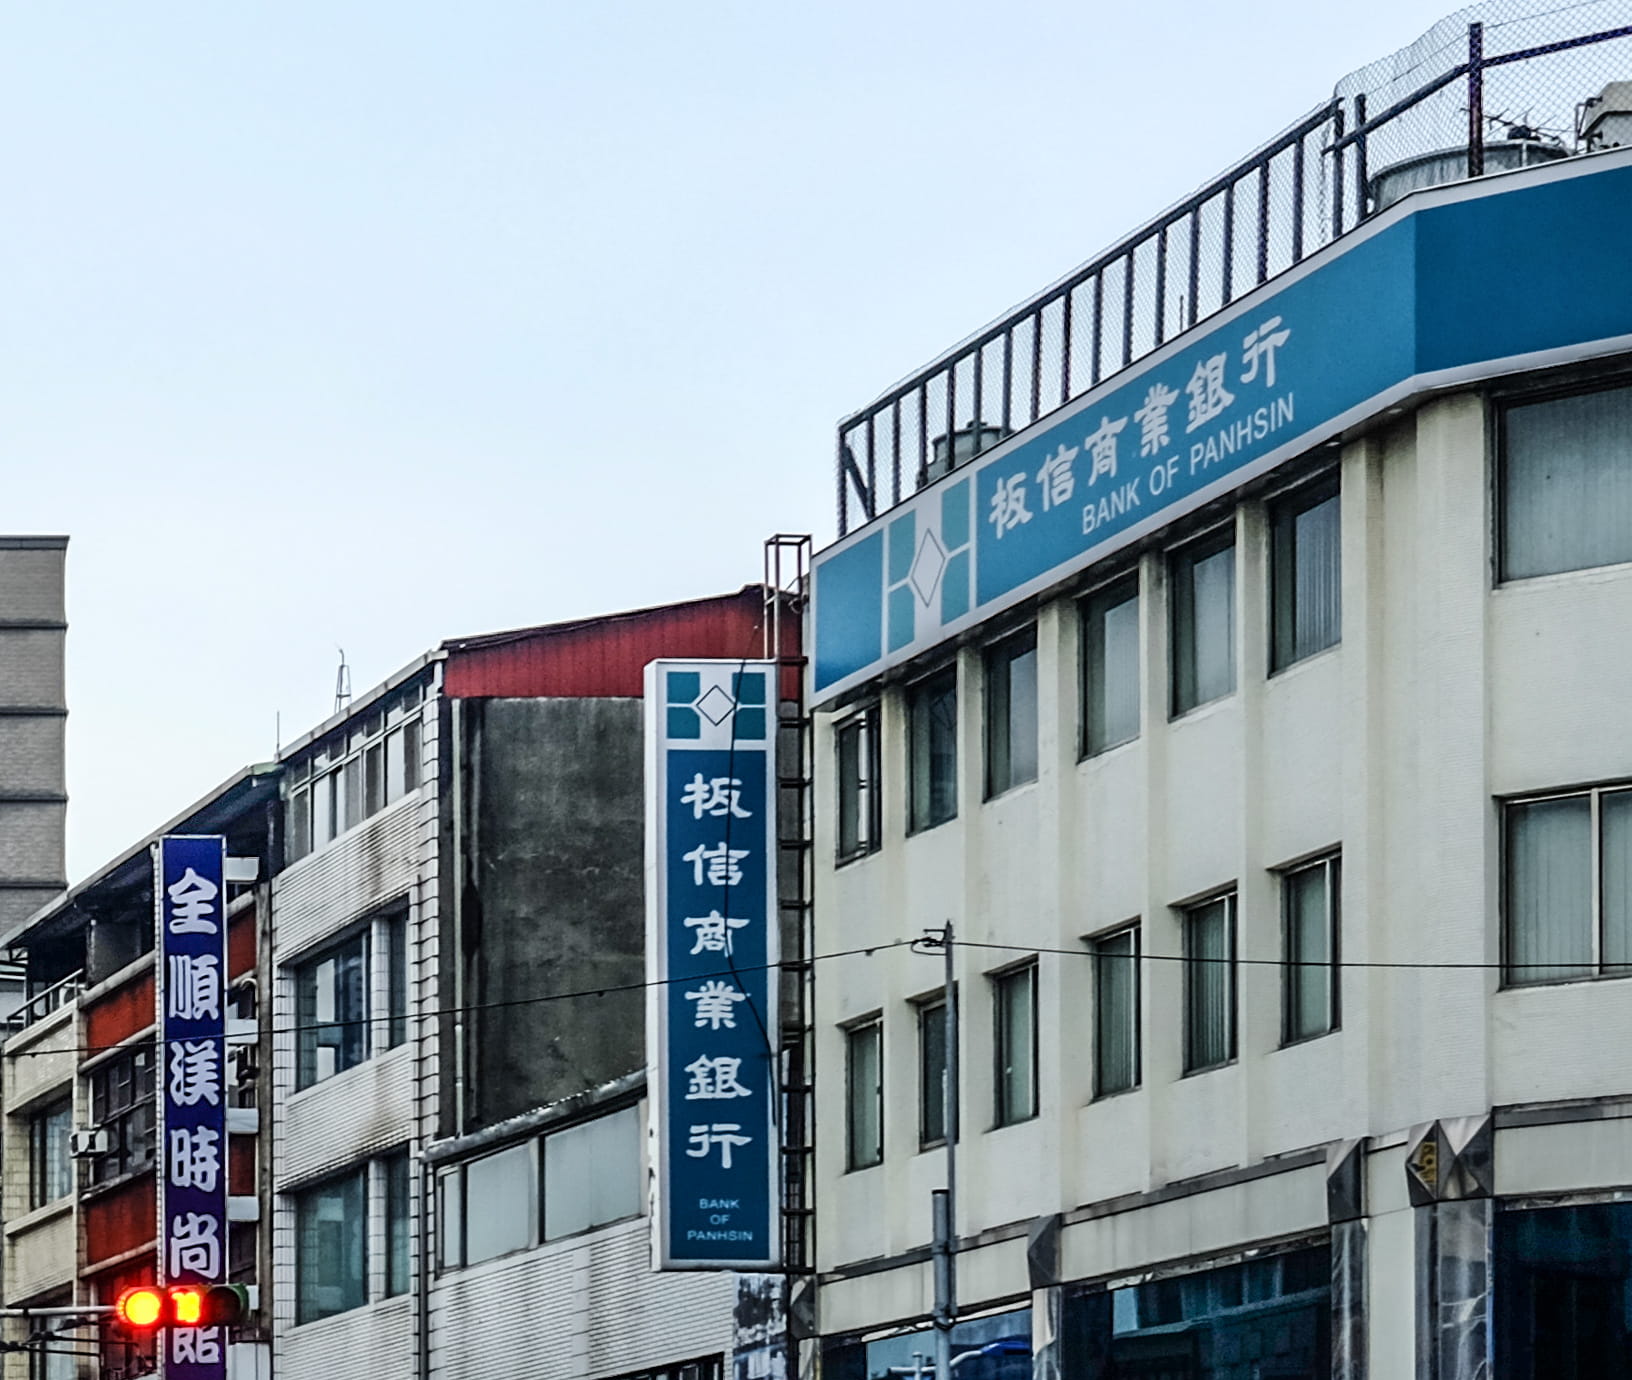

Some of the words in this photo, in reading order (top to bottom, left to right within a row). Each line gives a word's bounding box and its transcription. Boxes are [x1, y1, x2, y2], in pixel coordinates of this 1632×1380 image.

[989, 315, 1291, 540] 板信商業銀行
[1083, 478, 1141, 535] BANK
[1149, 456, 1180, 496] OF
[1190, 391, 1294, 476] PANHSIN
[681, 772, 752, 1169] 板信商業銀行
[687, 1230, 753, 1241] PANHSIN
[699, 1199, 740, 1209] BANK
[709, 1215, 730, 1224] OF
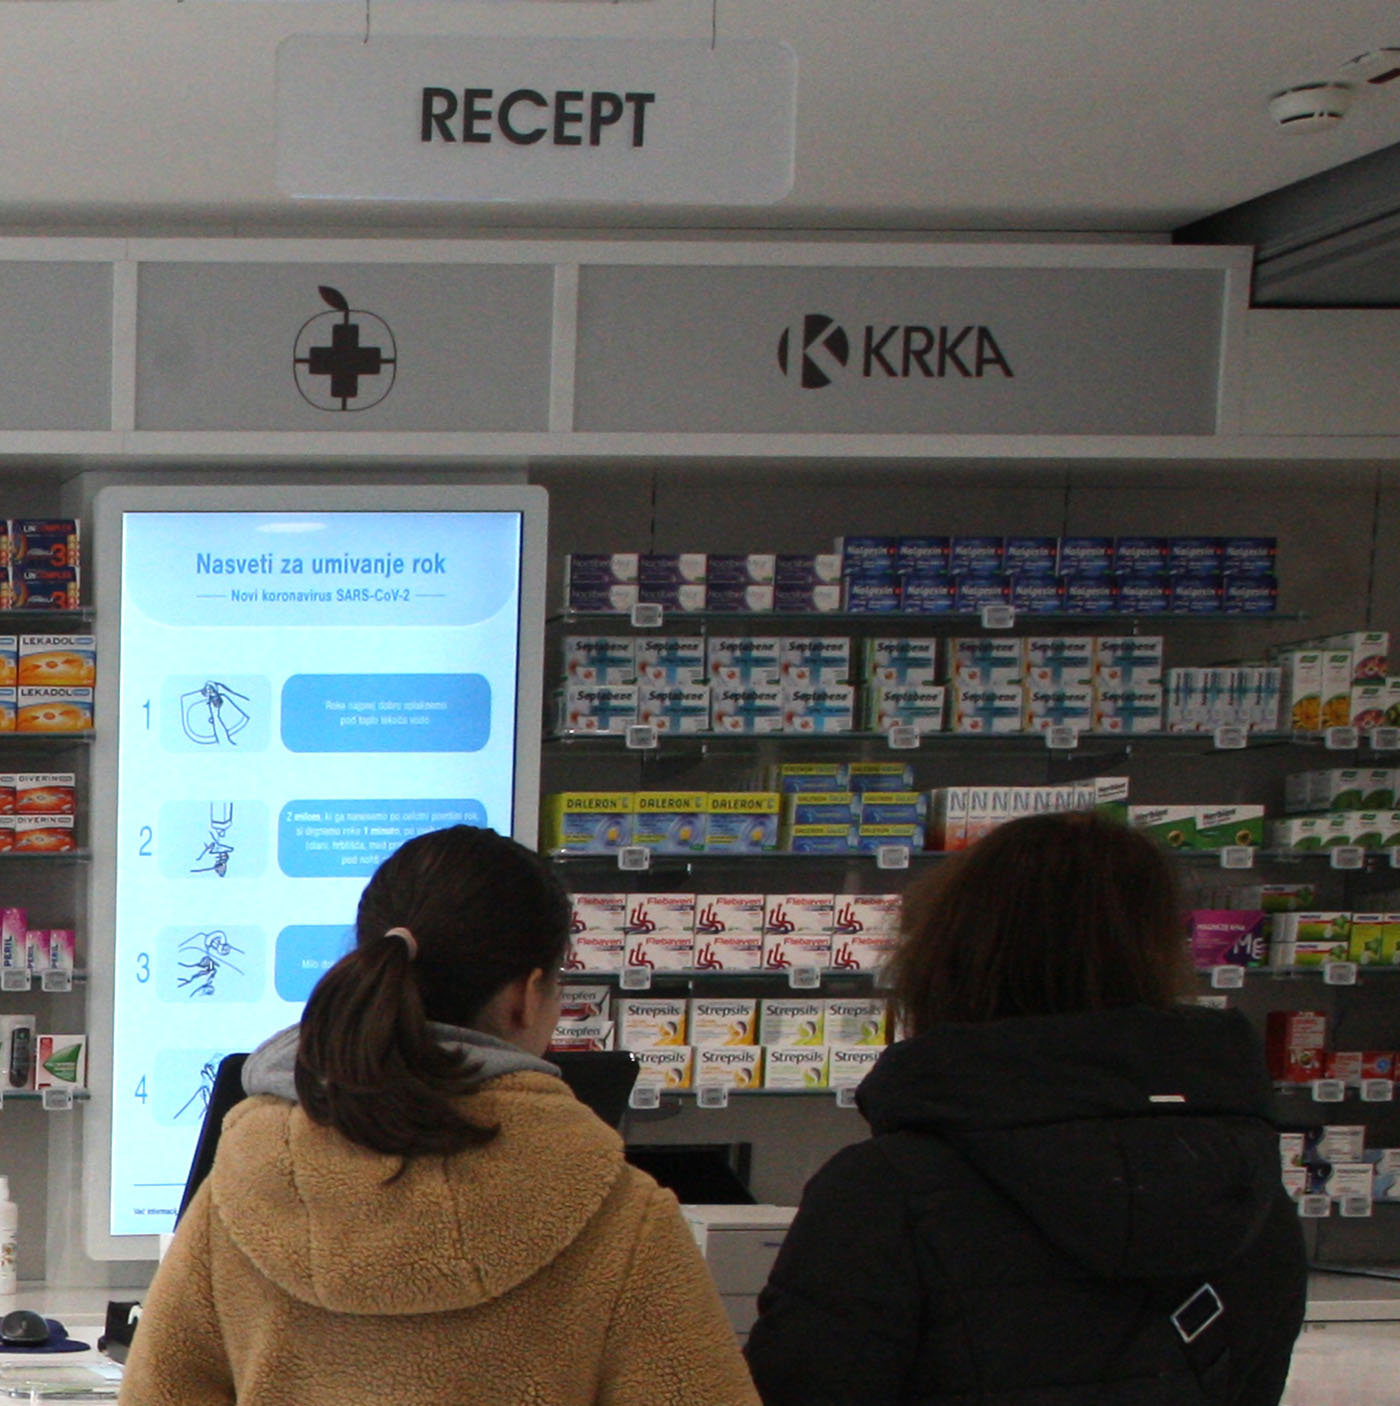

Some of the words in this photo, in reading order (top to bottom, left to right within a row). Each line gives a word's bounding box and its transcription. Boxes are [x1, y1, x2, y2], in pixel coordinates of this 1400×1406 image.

[420, 87, 655, 148] RECEPT
[862, 325, 1013, 379] KRKA
[197, 553, 273, 574] Nasveti
[281, 558, 302, 574] za
[312, 553, 403, 578] umivanje
[412, 553, 445, 574] rok
[231, 589, 258, 601] Novi
[262, 589, 332, 602] koronavirus
[336, 588, 410, 601] SARS-CoV-2
[576, 641, 628, 652] Septabene
[646, 641, 699, 652] Septabene
[720, 641, 774, 651] Septabene
[578, 691, 632, 701] Septabene
[142, 700, 150, 730] 1
[567, 799, 617, 809] DALERON
[640, 798, 690, 809] DALERON
[712, 799, 762, 809] DALERON
[139, 826, 152, 856] 2
[136, 952, 150, 983] 3
[628, 1005, 680, 1017] Strepsils
[697, 1005, 749, 1017] Strepsils
[766, 1005, 819, 1017] Strepsils
[829, 1004, 881, 1017] Strepsils
[555, 1026, 600, 1037] Strepfen
[702, 1051, 754, 1064] Strepsils
[135, 1075, 148, 1104] 4
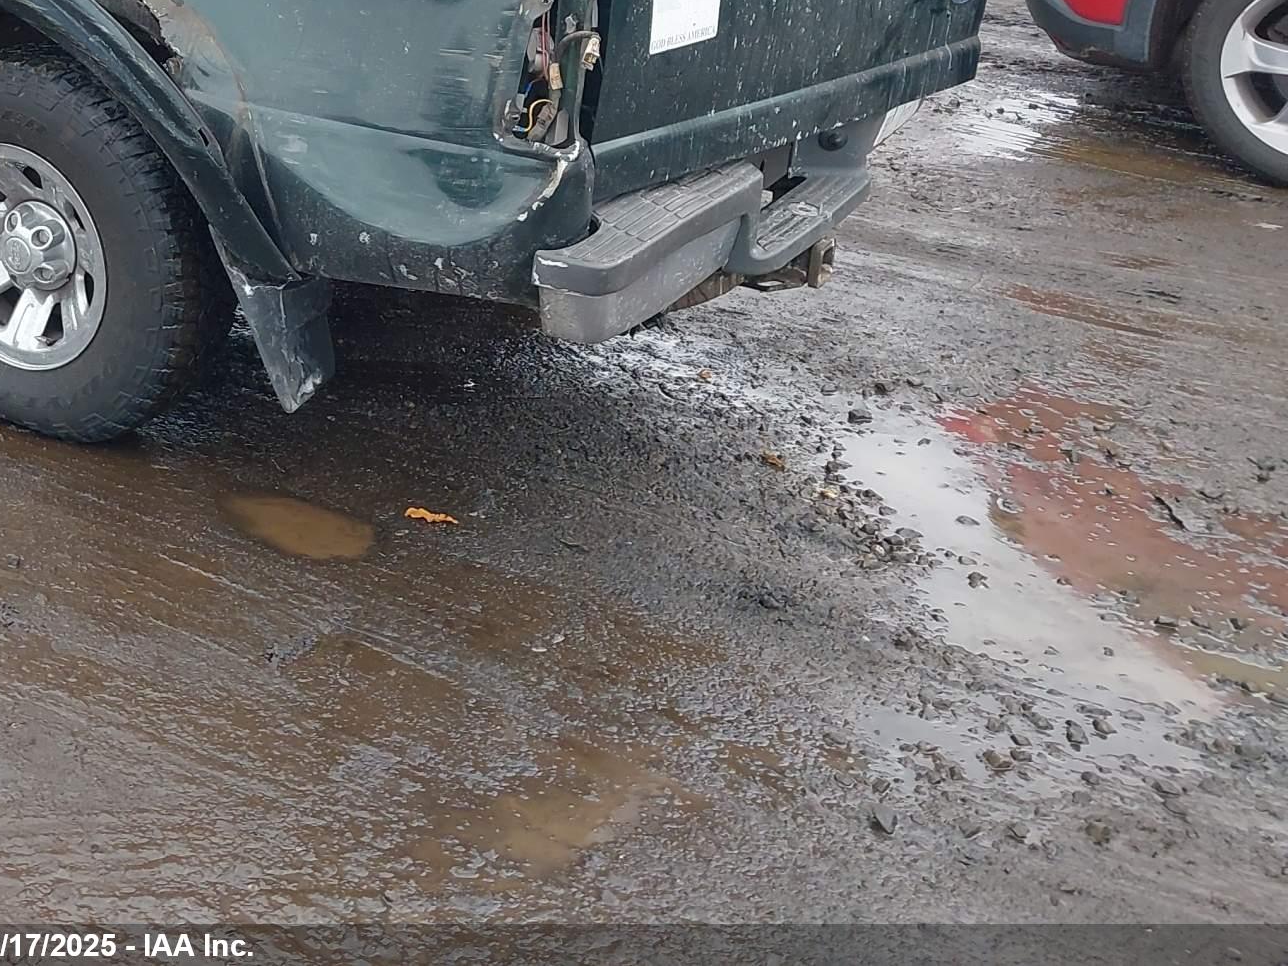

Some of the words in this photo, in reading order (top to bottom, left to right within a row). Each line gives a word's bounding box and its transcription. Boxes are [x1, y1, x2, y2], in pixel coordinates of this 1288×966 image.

------------------------------------

_Task description:_
Keep the pictures out of the copy and write out the data exactly as it stands.

_Exercise result:_
Some of the words in this photo, in reading order (top to bottom, left to right within a row). Each line gives a word's bounding box and its transcription. Boxes are [x1, y1, x2, y2], in pixel coordinates of this 1632×1380 image.

[989, 315, 1291, 540] 板信商業銀行
[1083, 478, 1141, 535] BANK
[1149, 456, 1180, 496] OF
[1190, 391, 1294, 476] PANHSIN
[681, 772, 752, 1169] 板信商業銀行
[687, 1230, 753, 1241] PANHSIN
[699, 1199, 740, 1209] BANK
[709, 1215, 730, 1224] OF

Some of the words in this photo, in reading order (top to bottom, left to right within a row). Each line gives a word's bounding box and its transcription. Boxes are [x1, y1, x2, y2], in pixel coordinates of this 1400×1406 image.

[420, 87, 655, 148] RECEPT
[862, 325, 1013, 379] KRKA
[197, 553, 273, 574] Nasveti
[281, 558, 302, 574] za
[312, 553, 403, 578] umivanje
[412, 553, 445, 574] rok
[231, 589, 258, 601] Novi
[262, 589, 332, 602] koronavirus
[336, 588, 410, 601] SARS-CoV-2
[576, 641, 628, 652] Septabene
[646, 641, 699, 652] Septabene
[720, 641, 774, 651] Septabene
[578, 691, 632, 701] Septabene
[142, 700, 150, 730] 1
[567, 799, 617, 809] DALERON
[640, 798, 690, 809] DALERON
[712, 799, 762, 809] DALERON
[139, 826, 152, 856] 2
[136, 952, 150, 983] 3
[628, 1005, 680, 1017] Strepsils
[697, 1005, 749, 1017] Strepsils
[766, 1005, 819, 1017] Strepsils
[829, 1004, 881, 1017] Strepsils
[555, 1026, 600, 1037] Strepfen
[702, 1051, 754, 1064] Strepsils
[135, 1075, 148, 1104] 4

Some of the words in this photo, in reading order (top to bottom, left to right within a row). Each line gives a word's bounding box and its transcription. Boxes are [x1, y1, x2, y2], in pixel coordinates of this 1288×966 image.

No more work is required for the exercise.